Organization and division of tasks.
Research of similar project: Nadya Peek, Xavi Dominguez and FabLab Ajaccio.
Set up of website.
Visualizing the steps to be taken.
Defining the materials we will need.
We have two weeks. First one is meant to be mostly for working on mechanical design, second - for machine design. As I’ve mentioned before we are four people, each one will be focusing on main task and supporting the others. But because some tasks can be executed paralelly, we will treat this weekly division (mechanical/machine design) quite fluently, trying to use the time in the best way.
We are not planning the days exactly but more making to-do list with tasks
- creating git repository, shared google docs for documentation and folders for files
- brainstorming about the idea for machine
- collecting inspirations
- dividing tasks
- collecting materials and parts
- sketching the general structure
- reworking some files that we’ve found on inspirational pages (from previous FabAcademy years), creating addictional ones
- lasercutting the test assamblage in cardboard
- making test for kerf in actual material
- reworking the design after testing
- working on a pen holder
- making a mechanical testwith motors
- exploring Gestalt Nodes
- wiring the boards
- testing on example code
- assambling motors and electronics with design and testing
- modifing the code
Dorota: electronics and programming;
Carolina: design and electronics
Coral: website, video, design
Eve: design, lasercutting
While researching on different designs of two-axis machines we got inspired by project from FabLab Ajaccio in 2016.
The files of triangles which are keeping the axises were available, though there were not parametric. We reworked the files and made them parametric in Fusion 360. For the rest of the parts, we are going to create our own designs.
We made a cardboard prototype of the machines in order to determine the design changes that had to be made. Each one of us worked on a different part of the assemblement. We cut the pieces on lasercutter and put them together.
After assembling the cardboard prototype we noticed that we have to:
Work on the middle part - the joint for two axises - to connect them in stable way.
Scale the holes to make the press-fit stable
Rework the sides to make them more stable
Use the final material to test the kerf of the press fit construction
At some point the idea of customizing the shape of the walls came out and the cat-like shape appeared! Everybody knows that cats bring extra value to anything you do!
We put together and reviewed our cardboard prototype. We have realized we need to find a way to hold the rods to the side pieces. We think that it will be good to press fit the pieces as much as possible and then possibly keep the rods from moving with rubber stoppers.
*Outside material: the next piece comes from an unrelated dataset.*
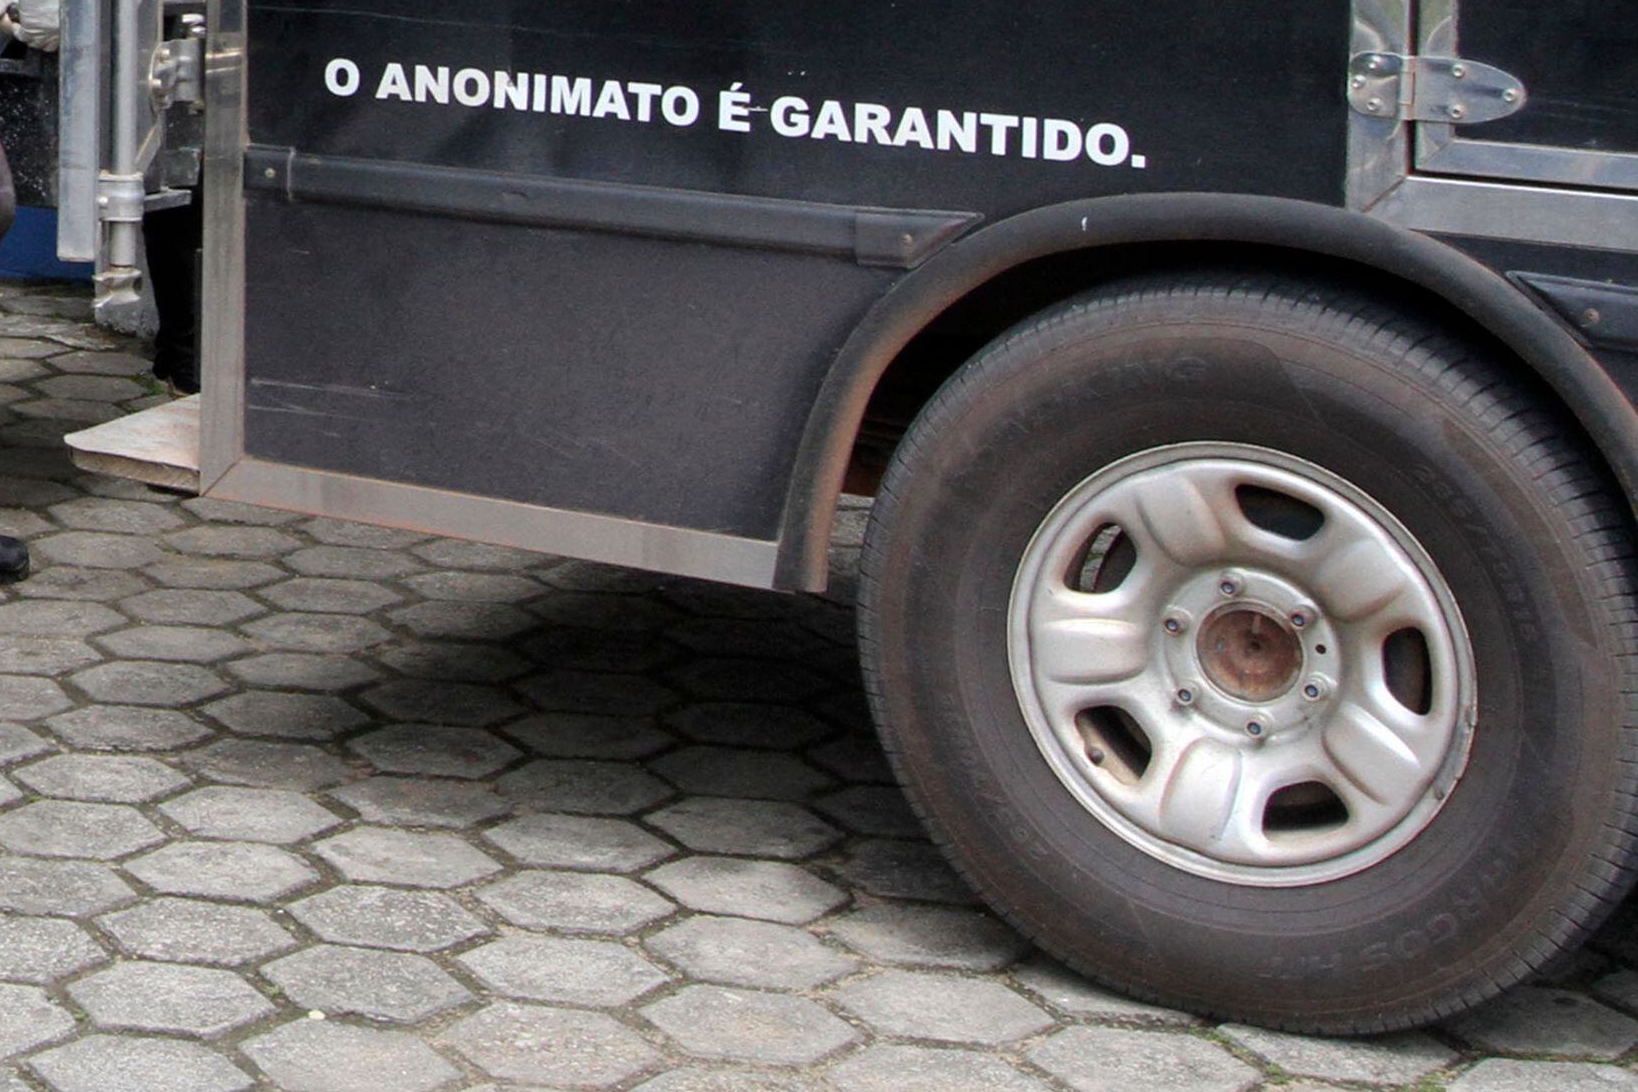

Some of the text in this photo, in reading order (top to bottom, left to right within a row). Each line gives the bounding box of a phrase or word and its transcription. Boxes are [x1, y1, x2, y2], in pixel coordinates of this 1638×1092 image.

[325, 59, 1145, 168] O ANONIMATO É GARANTIDO.
We also chose the material that we want to work with plywood 5mm thick.
The side cats need more support so we might need to use thicker wood and cut it with the CNC machine.
The side supports have four extra holes that we do not really need so we will just leave the three corner holes.
The four middle rectangles need to be more stable. For that we will replace them with triangles that also go through the top rod.
On the outside of the cats, we will use modified triangular pieces. We will offset them a bit along the three rods so that we have a specified space where the electronics will live.
We changed fixed a couple of the issues we encountered the day before.
We redesigned the pieces that hold together the two axis and we gave them a triangular shape so that a third rod could go through them. This made the whole structure much more stable.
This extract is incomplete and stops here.